Gay Saudi journalists detained in Australia after asylum bid

Gay Saudi journalists detained in Australia after asylum bid
Two Saudi journalists, US coalition, psychologically,
2 min read
20 November, 2019
The two men are being held in detention centre [Getty]

Two gay Saudi journalists who have sought asylum in Australia are being detained in an immigration detention centre, their lawyer said.

The couple arrived in Australia in mid-October on a tourist visa before they were taken into detention by airport customs officials when they admitted plans to seek asylum, lawyer Alison Battisson told AFP.

"Australia being very well known for being... a safe place for LGBTI people, they were incredibly surprised and distressed," she said.

One of the men worked for Saudi Arabia's information ministry and regularly assisted visiting international news organisations.

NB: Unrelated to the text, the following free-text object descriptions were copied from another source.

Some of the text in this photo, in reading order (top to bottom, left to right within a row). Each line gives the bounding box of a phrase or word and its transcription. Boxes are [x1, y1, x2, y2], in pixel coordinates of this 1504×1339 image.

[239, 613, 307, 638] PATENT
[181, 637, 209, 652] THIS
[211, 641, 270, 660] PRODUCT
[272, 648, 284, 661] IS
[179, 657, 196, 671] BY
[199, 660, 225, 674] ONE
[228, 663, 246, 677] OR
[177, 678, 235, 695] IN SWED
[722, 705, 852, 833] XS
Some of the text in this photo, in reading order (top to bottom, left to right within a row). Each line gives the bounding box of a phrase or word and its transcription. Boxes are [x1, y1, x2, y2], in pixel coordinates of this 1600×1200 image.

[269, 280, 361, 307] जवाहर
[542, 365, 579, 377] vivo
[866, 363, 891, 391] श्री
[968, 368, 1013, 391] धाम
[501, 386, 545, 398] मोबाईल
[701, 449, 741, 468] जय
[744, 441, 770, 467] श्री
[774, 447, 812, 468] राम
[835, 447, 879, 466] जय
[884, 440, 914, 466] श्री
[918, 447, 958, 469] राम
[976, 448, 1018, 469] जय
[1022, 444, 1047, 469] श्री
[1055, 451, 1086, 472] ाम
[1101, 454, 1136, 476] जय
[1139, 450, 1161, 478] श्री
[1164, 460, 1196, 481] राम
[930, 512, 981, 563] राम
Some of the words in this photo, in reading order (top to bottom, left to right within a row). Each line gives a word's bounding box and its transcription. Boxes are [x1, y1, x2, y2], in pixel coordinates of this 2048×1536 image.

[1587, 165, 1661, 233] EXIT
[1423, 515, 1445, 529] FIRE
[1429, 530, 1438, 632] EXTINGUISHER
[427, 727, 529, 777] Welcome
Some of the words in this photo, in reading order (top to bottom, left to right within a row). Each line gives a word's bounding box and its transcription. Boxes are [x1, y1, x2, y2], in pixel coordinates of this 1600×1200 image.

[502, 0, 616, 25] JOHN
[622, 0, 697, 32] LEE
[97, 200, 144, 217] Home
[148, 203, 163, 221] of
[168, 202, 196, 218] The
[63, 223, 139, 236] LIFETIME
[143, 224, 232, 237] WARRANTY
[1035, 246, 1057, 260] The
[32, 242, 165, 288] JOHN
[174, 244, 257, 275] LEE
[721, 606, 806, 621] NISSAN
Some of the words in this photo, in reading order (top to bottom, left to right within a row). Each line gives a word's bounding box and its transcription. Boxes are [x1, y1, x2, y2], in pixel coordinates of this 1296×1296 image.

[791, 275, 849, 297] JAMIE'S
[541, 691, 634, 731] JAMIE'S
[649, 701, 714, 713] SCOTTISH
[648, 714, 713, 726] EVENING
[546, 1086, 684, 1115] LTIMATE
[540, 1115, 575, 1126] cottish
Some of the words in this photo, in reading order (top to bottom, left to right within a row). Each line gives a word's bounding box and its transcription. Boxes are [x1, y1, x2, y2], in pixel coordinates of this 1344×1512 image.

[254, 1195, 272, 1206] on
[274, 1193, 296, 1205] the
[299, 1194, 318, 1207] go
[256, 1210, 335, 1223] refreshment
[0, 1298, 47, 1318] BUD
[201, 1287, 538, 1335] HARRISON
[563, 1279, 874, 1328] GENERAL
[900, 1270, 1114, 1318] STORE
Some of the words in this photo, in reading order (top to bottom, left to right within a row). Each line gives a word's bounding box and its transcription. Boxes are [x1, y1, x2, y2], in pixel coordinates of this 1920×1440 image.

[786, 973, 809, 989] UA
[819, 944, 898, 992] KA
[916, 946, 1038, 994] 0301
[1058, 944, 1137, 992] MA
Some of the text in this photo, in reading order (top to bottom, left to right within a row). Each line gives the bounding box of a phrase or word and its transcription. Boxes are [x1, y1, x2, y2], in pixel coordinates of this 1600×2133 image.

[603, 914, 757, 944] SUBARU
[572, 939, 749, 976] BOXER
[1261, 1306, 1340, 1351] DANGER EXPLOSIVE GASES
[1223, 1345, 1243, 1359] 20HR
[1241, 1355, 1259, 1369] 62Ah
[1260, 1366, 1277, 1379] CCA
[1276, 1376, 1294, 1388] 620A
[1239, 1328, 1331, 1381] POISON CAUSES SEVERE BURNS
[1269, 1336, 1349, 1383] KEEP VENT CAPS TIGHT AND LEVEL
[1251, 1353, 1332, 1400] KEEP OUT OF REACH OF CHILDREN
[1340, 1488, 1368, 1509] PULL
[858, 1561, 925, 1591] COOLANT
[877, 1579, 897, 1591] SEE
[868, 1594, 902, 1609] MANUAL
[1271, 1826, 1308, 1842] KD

He said the couple came under pressure from authorities after a dissident leaked sensitive documents to foreign media.

"I was called into a prison on the outskirts of Riyadh by the state security," he told ABC, adding they "hinted that they realised I was in a relationship with my partner and that I should stop working with the foreign media".

Battisson said the men had not leaked any documents, but were swept up in a wider crackdown by Saudi authorities in the wake of Khashoggi's murder.

In August, one of the men received a phone call from a relative who warned that if he didn't end his gay relationship with his partner he would be killed.

Homosexuality is punishable by death and when police followed that up with separate calls asking them to come in for questioning they decided to flee the country.

Battisson said two men have been separated in detention where one is receiving medical treatment, while another is among convicted criminals awaiting deportation. 

The conditions are proving "psychologically very difficult".

"Them speaking up is actually their right - there's no reason we should remain silent about human rights abuses in Australia," she said.

The home affairs department, which oversees immigration matters, and the Australian Border Force did not respond to requests for comment.